Involvement of Fyn kinase in Kit and integrin-mediated Rac activation, cytoskeletal reorganization and chemotaxis of mast cells

Lionel A Samayawardhena, Reuben Kapur, and Andrew WB Craig*

Dept of Biochemistry, Queen's University, Kingston, Ontario, Canada
Section of Neonatal-Perinatal Medicine, Dept of Pediatrics, Herman B. Wells Center for Pediatrics, Indianapolis, IN, United States

* Corresponding author; email: ac15{at}post.queensu.ca.

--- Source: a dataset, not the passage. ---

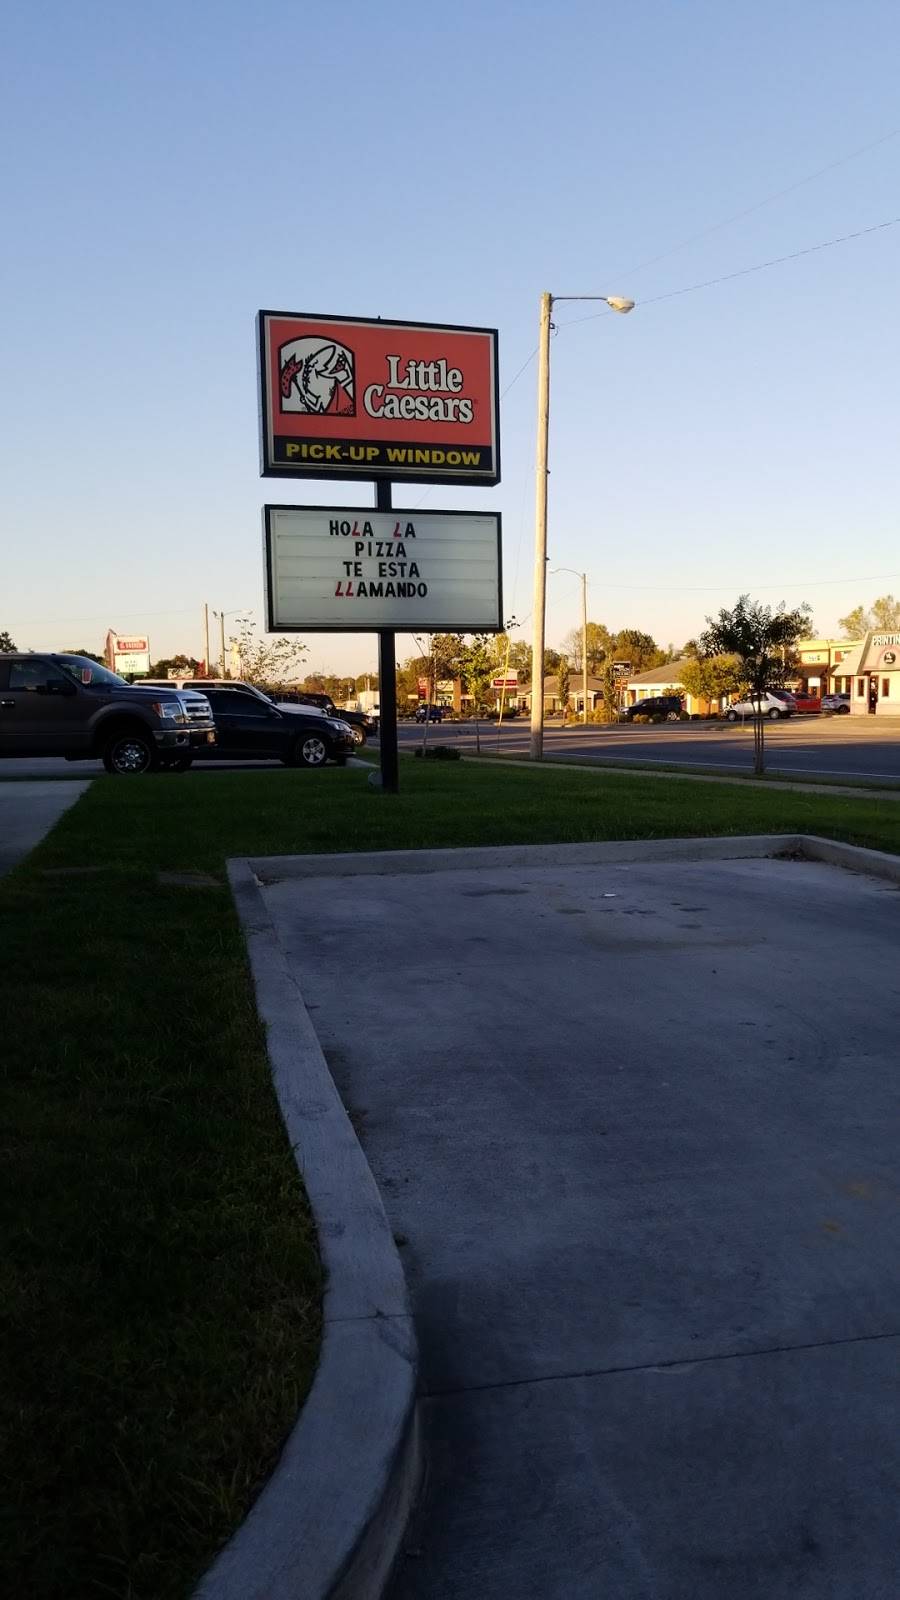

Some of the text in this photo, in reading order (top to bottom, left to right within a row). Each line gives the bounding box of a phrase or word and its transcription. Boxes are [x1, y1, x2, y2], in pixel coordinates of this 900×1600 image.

Kit receptor and its ligand stem cell factor (SCF) are critical regulators of mast cell production, proliferation, degranulation and chemotaxis. In this study, we investigated how Fyn kinase regulates chemotaxis of mast cells towards SCF. Upon {beta}1 integrin engagement, Fyn-deficient (fyn-/-) mast cells displayed a striking defect in cell spreading, lamellapodia formation compared to wild-type mast cells. The hematopoietic-specific Src family kinases (Lyn/Fgr/Hck) were not required for initial SCF-induced cell spreading. Reduced SCF-induced activation of Rac1 and Rac2 GTPases, p38 Mitogen-activated protein kinase, and filamentous actin polymerization was observed in fyn-/- mast cells compared to wild-type mast cells. Retroviral-mediated expression of Fyn, constitutively active Rac2 or phosphatidylinositol-3 kinase (PI3K) in fyn-/- mast cells, rescued defects in SCF-induced cell polarization and chemotaxis of Fyn-deficient mast cells. Thus, we conclude that Fyn kinase plays a unique role upstream of PI3K and Rac GTPases to promote the reorganization of the cytoskeleton during mast cell spreading and chemotaxis.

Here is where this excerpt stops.